Keywords: Environmental, Financial, Market Cap, Panel Data

Abstract

This study empirically examines the relationship between environmental rankings and market cap value. The financial indicators of the Altman Z-Score are used to build a model for market cap value. The data used is from 2000-2008 for 100 of the companies included in Newsweek's Top 500 Green Rankings 2009. The results support the hypothesis that companies with high environmental rankings have higher market cap values than comparable companies with lower rankings. This shows that either investors are including environmental factors in their stock price valuations, or that a high environmental rank indicates other intangible variables that contribute to a company’s value.

1. Background

There is a growing global awareness about the negative effects that business can have on the environment. Some production processes release toxins that cause cancer, others emit carbon dioxide that could lead to global climate change. In response to these perceived threats to the environment, investors, and their clients, are looking for strategies to curb these negative effects by using the power of the market. In January 2007, $2.71 trillion worth of invested assets were involved in some sort of environmental or social screening, shareholder advocacy or community investment strategy. This is out of the $25.11 trillion total tracked in Nelson Information’s Directory of Investment Managers. In addition, there has been tremendous growth, from $12 billion in 1996 to $201.8 billion in 2007, in the assets invested in environmentallyor socially-responsible mutual funds-Social Investment Forum [1]. In 2009, 90% of investment consultants responded that their clients have brought up environmental, social or governance issues as being important to their investment strategy as per Kropp [2]. This increase of interest has inspired a lot of research on the financial performance of socially responsible techniques.
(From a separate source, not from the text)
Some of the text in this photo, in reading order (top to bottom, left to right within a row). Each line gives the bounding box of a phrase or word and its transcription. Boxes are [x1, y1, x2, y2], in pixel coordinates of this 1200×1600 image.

Different studies have taken a variety of approaches to calculate the effects of using environmental and social criteria in portfolio management. Previous studies include: constructing a comprehensive universe of mutual funds and comparing the performance of SRI funds to the others-Geczy, Stambaugh and Levin [3], using time-factor analysis to measure the learning effect from old to new ethical funds-Bauer, Koedijk and Otten [4], and measuring the risk-adjusted return of the alternative energy industry compared to a benchmark-MSCI Barra [5]. This study was inspired principally by the work of Stat-man and Glushkov [6], who constructed a Best-in-Class portfolio based on different SRI factors from the S & P 500. To measure the effect of environmental performance on returns, they took the top 3rd of the S & P 500 universe based on their rankings and compared it to a portfolio constructed out of the bottom 3rd. Their study showed a slight but significant increase, 0.42% to 2.69%, in the performance of highly-ranked stocks compared to their low-ranking counterparts as per Statman and Glushkov [6]. The explanation for these higher returns is that environmental ranking could indicate other intangible variables that add to a company’s value, such as good management, committed consumer base and lower legal expenses.
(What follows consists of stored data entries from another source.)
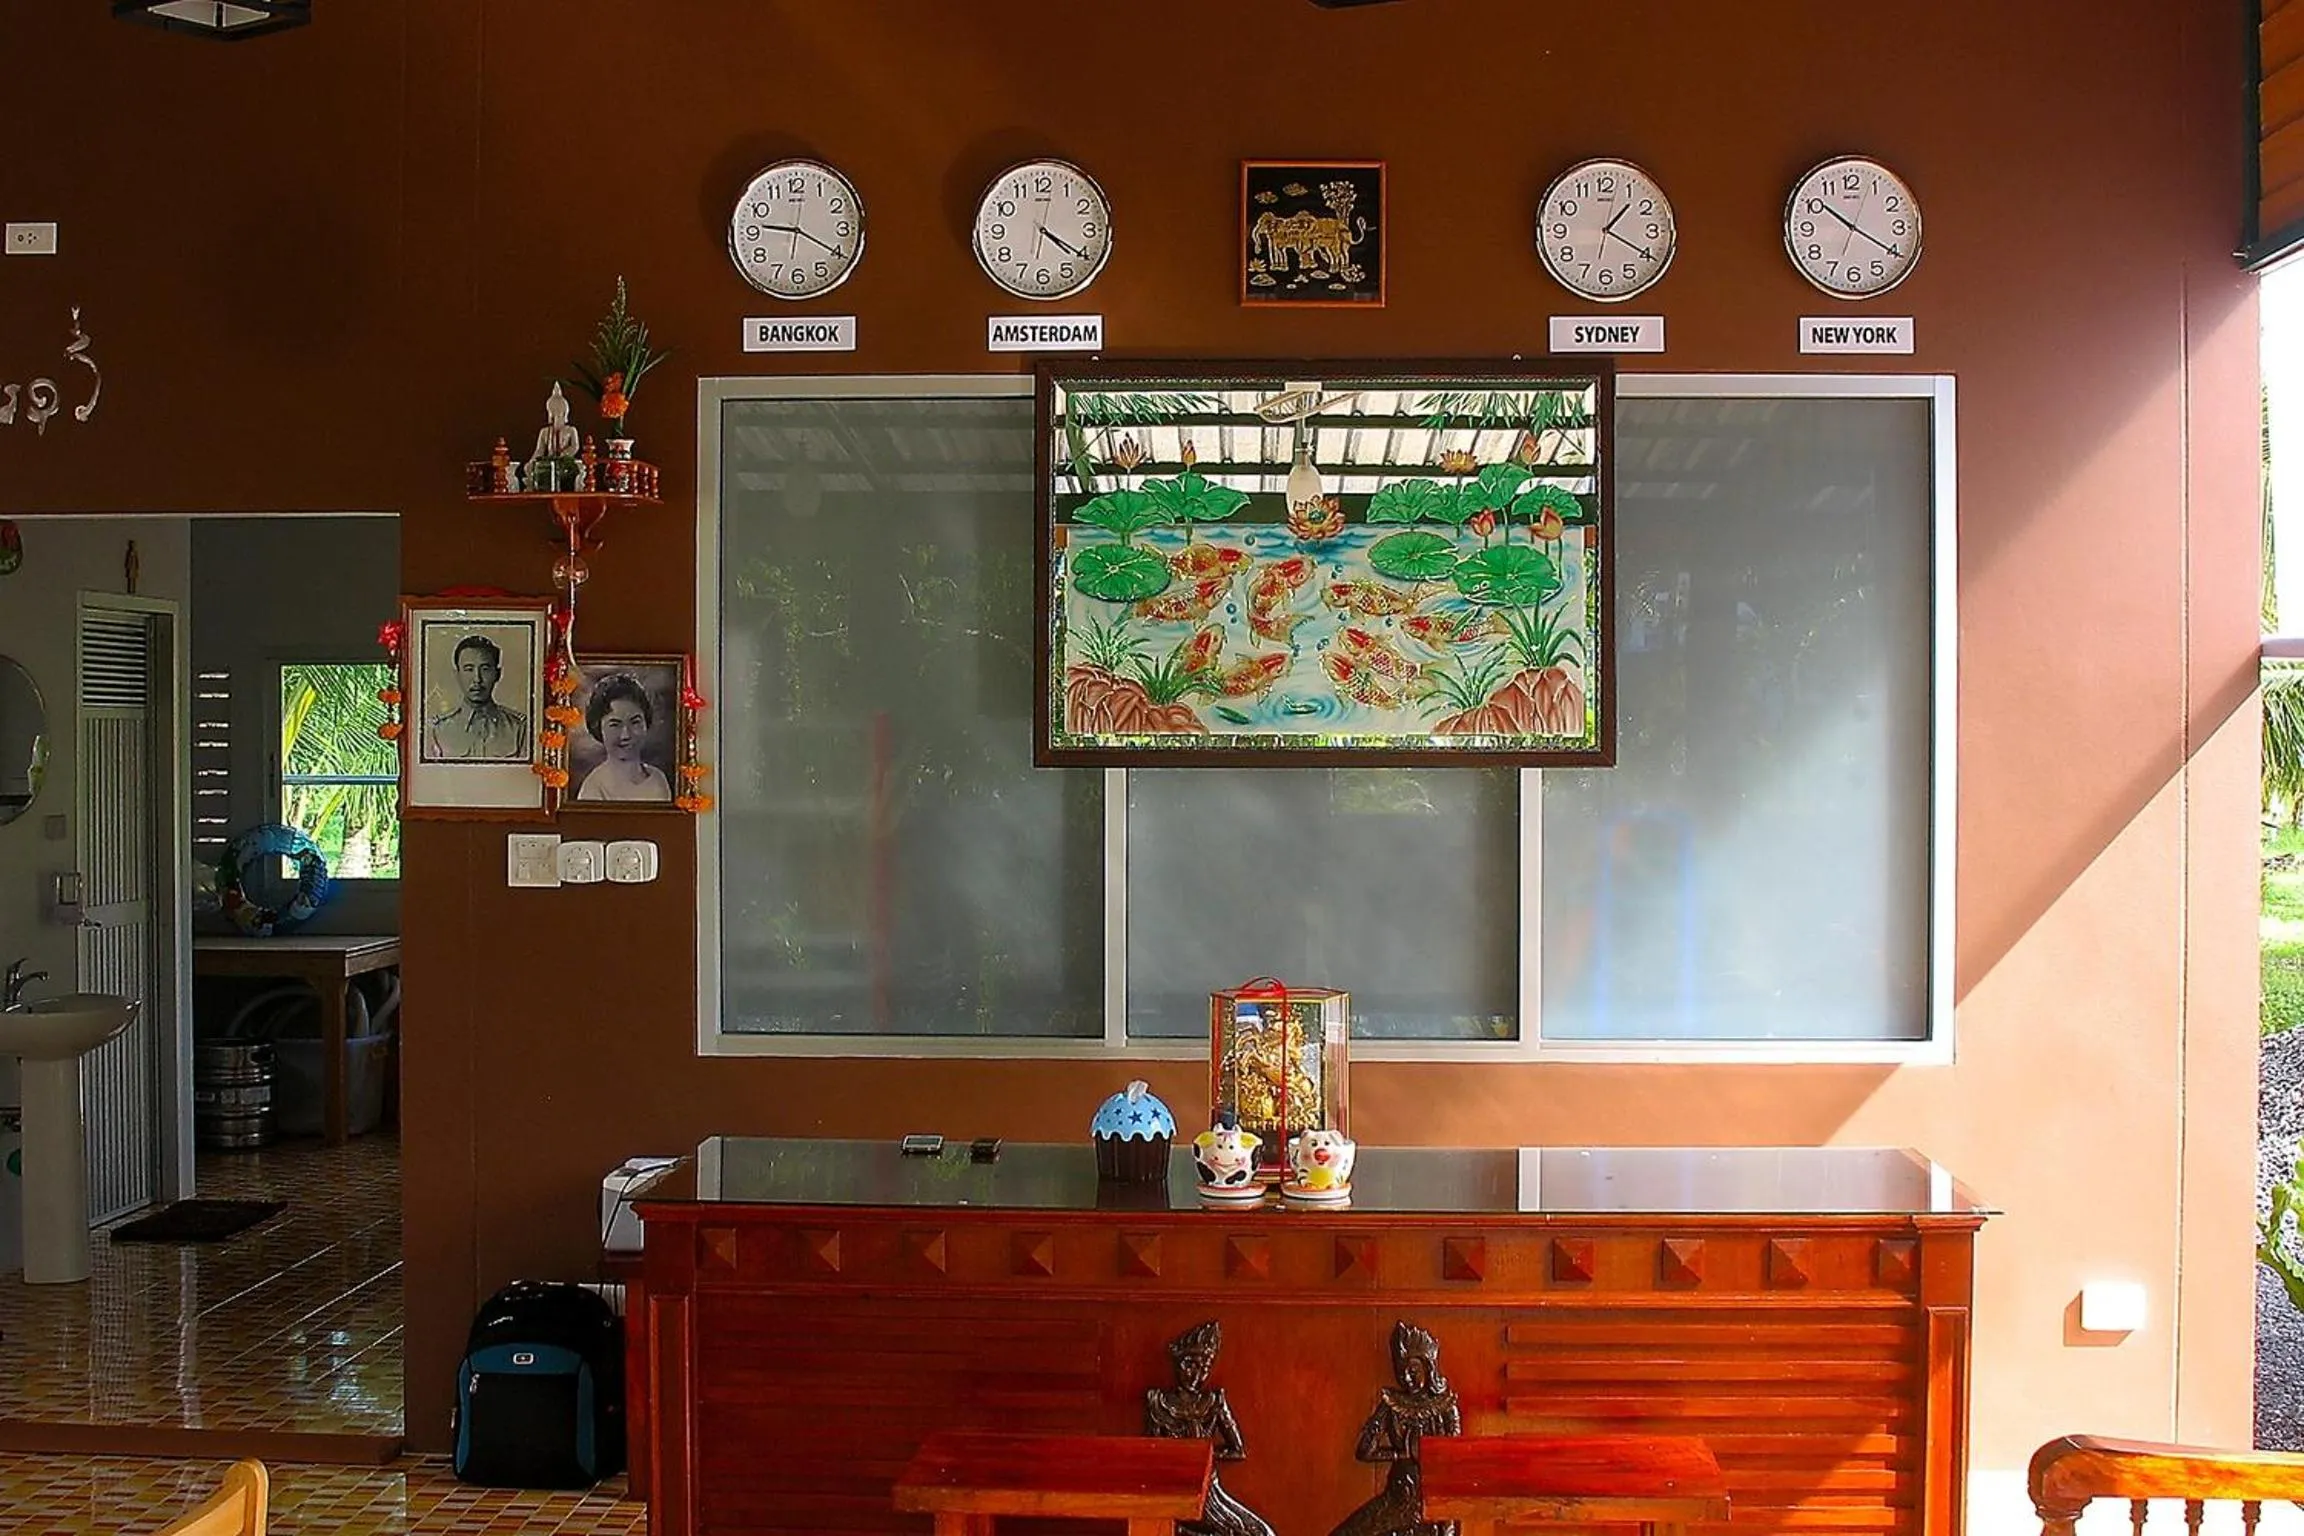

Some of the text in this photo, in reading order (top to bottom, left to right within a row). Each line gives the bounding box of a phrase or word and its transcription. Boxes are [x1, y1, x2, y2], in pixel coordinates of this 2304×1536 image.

[788, 178, 804, 194] 12
[1035, 177, 1051, 193] 12
[1576, 183, 1588, 197] 11
[1597, 177, 1613, 193] 12
[1822, 181, 1834, 195] 11
[1842, 175, 1859, 190] 12
[768, 184, 780, 199] 11
[1014, 184, 1026, 198] 11
[752, 202, 769, 218] 10
[830, 198, 842, 213] 2
[997, 201, 1015, 217] 10
[1077, 199, 1089, 214] 2
[1559, 200, 1577, 216] 10
[1639, 200, 1652, 215] 2
[1806, 198, 1823, 214] 10
[1886, 196, 1898, 212] 2
[746, 226, 760, 241] 9
[837, 221, 849, 237] 3
[991, 224, 1005, 240] 9
[1083, 222, 1096, 238] 3
[1553, 223, 1567, 239] 9
[1646, 223, 1659, 239] 3
[1800, 221, 1814, 237] 9
[1892, 220, 1905, 235] 3
[754, 248, 766, 263] 8
[831, 245, 843, 259] 4
[998, 247, 1011, 262] 8
[1077, 245, 1089, 260] 4
[1560, 246, 1573, 262] 8
[1639, 247, 1651, 261] 4
[1808, 244, 1821, 260] 8
[1887, 243, 1899, 258] 4
[771, 264, 783, 279] 7
[815, 262, 827, 277] 5
[1016, 263, 1027, 279] 7
[1060, 263, 1073, 278] 5
[1579, 264, 1590, 278] 7
[1623, 264, 1636, 279] 5
[1826, 261, 1838, 276] 7
[1847, 267, 1860, 282] 6
[1871, 260, 1883, 276] 5
[792, 269, 805, 284] 6
[1037, 269, 1050, 284] 6
[1599, 269, 1613, 285] 6
[759, 325, 839, 343] BANGKOK
[992, 325, 1099, 342] AMSTERDAM
[1574, 325, 1640, 344] SYDNEY
[1812, 326, 1897, 344] NEW YORK
The goal of this project is to determine whether the increase in investor use of extra-financial criteria has had any effect on the market value of companies. In doing so, it contributes to the literature supporting the enhanced value of companies that consider environmental impact as part of their business plan compared to those that do not.

2. Data and Methodology

This study uses panel data for 100 companies over a 9-year period from 2000-20081. Using panel data has a variety of estimation benefits and challenges. Panel data provides more data points and thus increases the number of degrees of freedom2. Unfortunately, using panel data presents the challenge of dealing with heteroscedasticity and serial correlation simultaneously. To solve this problem we used a generalized least squares method that accounts for heteroscedasticity and serial correlation3.
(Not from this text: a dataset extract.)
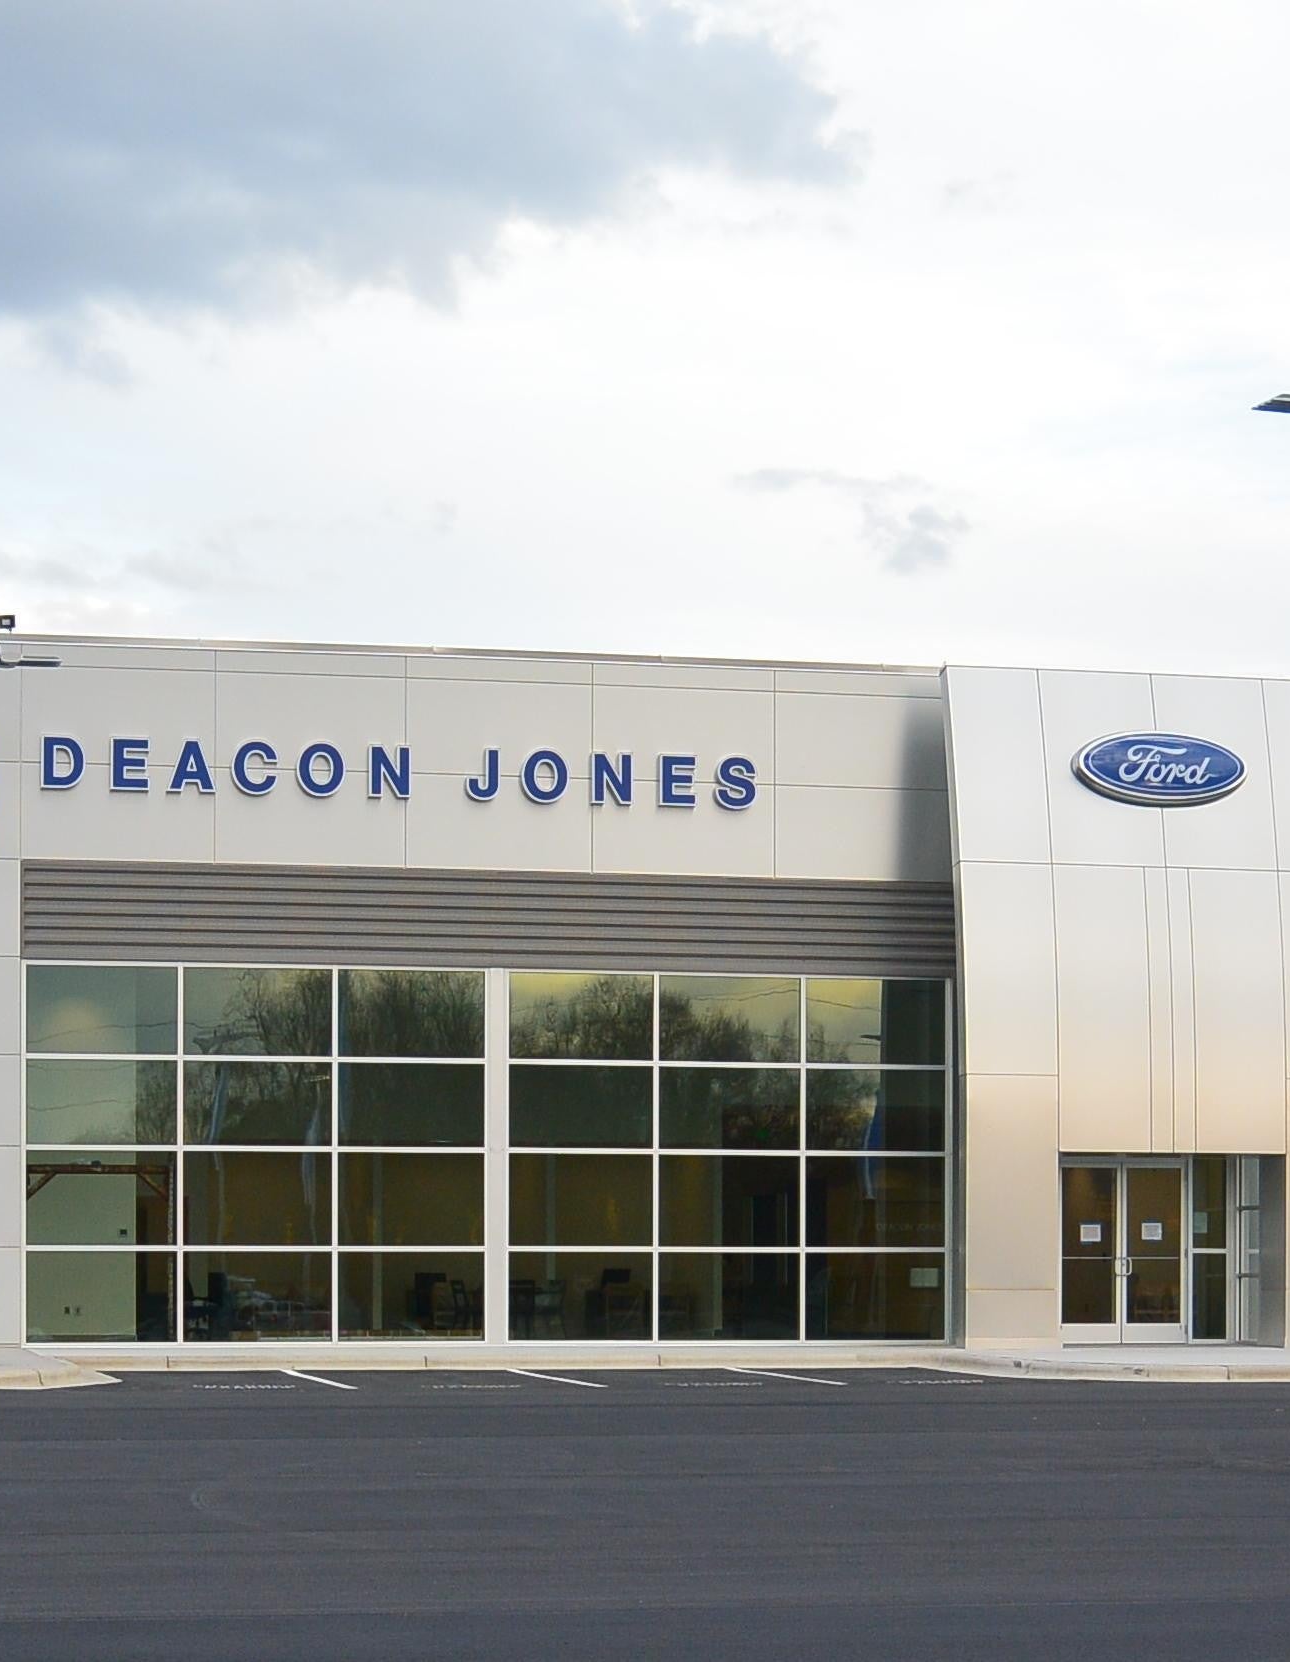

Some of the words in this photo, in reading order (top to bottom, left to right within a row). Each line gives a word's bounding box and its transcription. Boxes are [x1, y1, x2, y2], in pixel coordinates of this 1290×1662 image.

[39, 734, 411, 799] DEACON
[466, 746, 758, 810] JONES
[1118, 744, 1218, 785] Ford
This study uses a similar methodology to the Statman and Glushkov [6]. First, we divide the companies into two groups according to environmental performance. Then, we compare the two groups using a financial metric. Unlike Statman and Glushkov [6], who use the returns of each portfolio to compare the two groups, we used Market Cap for individual companies as our financial metric. The Market Cap is the total value of a firm’s assets, revenue stream, risk and future growth, as it is valued by investors in a public stock market. Therefore, it is an appropriate dependent variable for this study because how different variables affect it is of great interest to investors.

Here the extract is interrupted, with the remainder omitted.